_Raw data_:

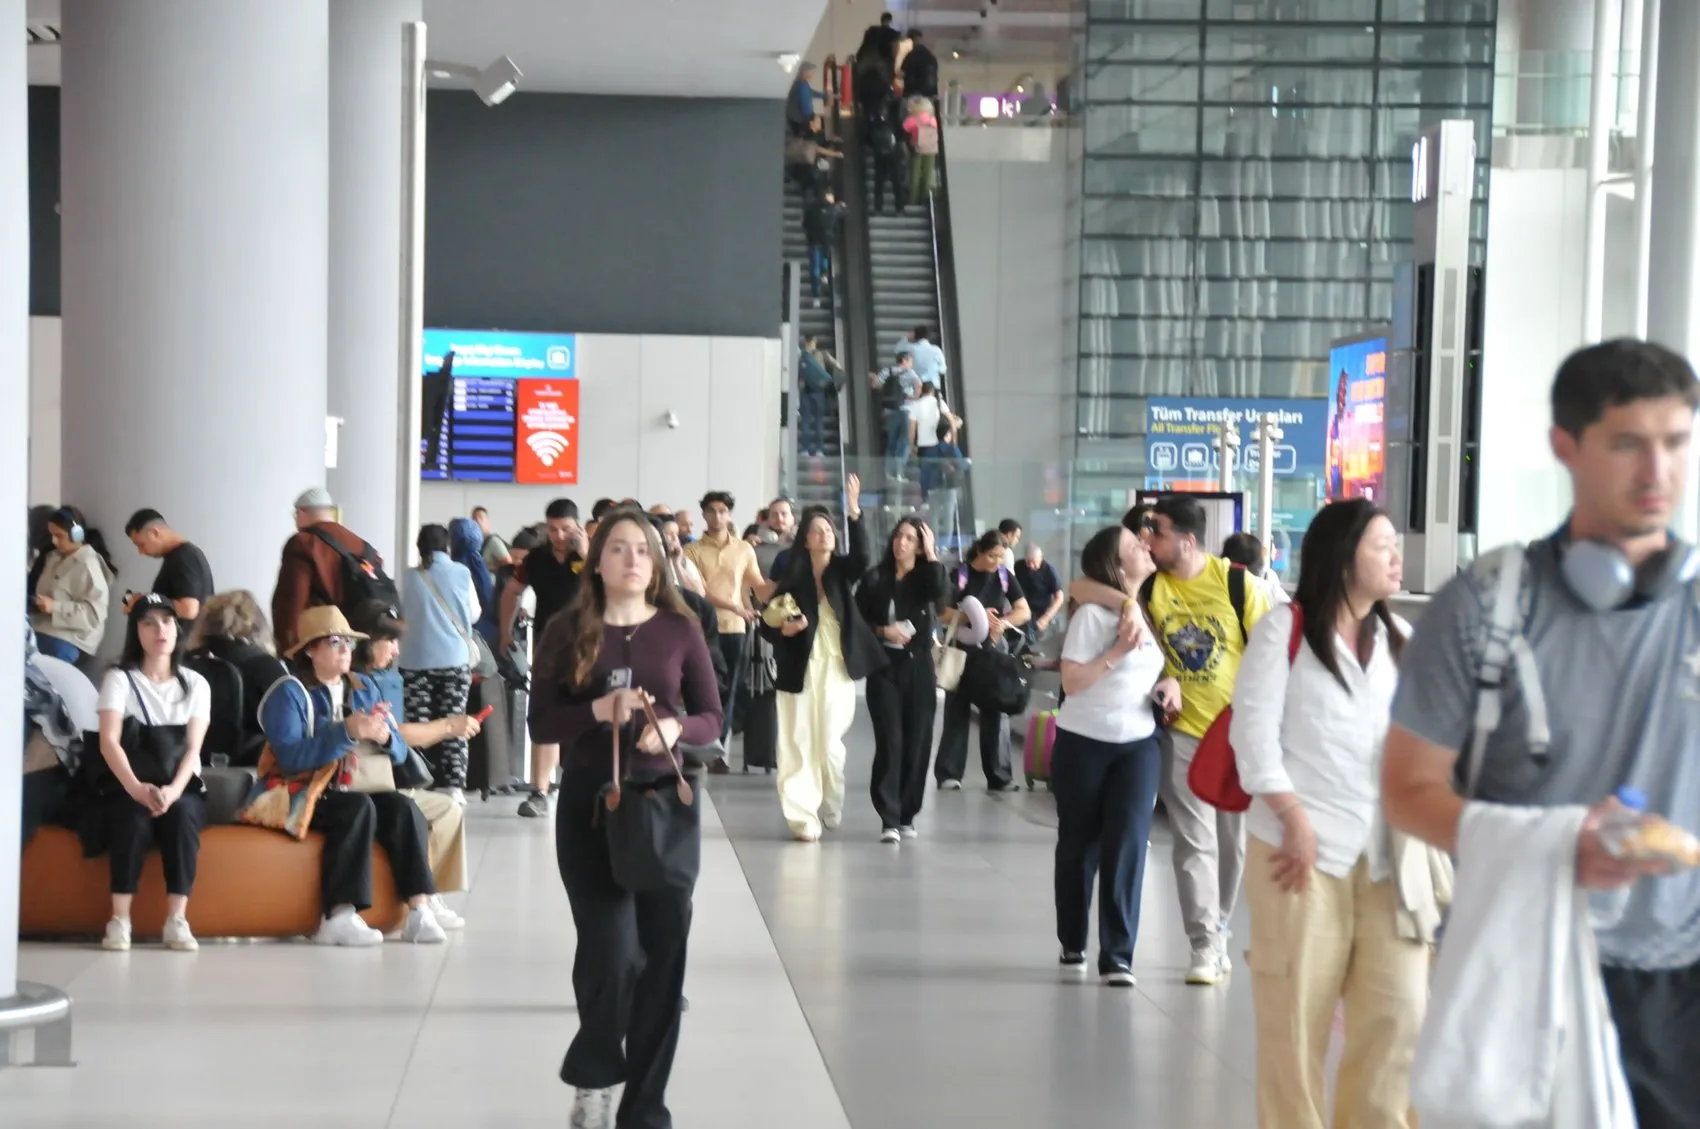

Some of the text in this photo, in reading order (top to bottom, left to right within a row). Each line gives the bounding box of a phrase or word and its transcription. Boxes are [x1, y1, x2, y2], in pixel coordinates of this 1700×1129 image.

[1151, 405, 1182, 421] Tüm
[1184, 406, 1243, 423] Transfer
[1152, 422, 1165, 433] All
[1166, 422, 1204, 434] Transfer

_Task prompt_:
Reproduce the data exactly, please, and omit its pictures.

_Output of the exercise_:
Some of the text in this photo, in reading order (top to bottom, left to right within a row). Each line gives the bounding box of a phrase or word and its transcription. Boxes are [x1, y1, x2, y2], in pixel coordinates of this 1700×1129 image.

[1151, 405, 1182, 421] Tüm
[1184, 406, 1243, 423] Transfer
[1152, 422, 1165, 433] All
[1166, 422, 1204, 434] Transfer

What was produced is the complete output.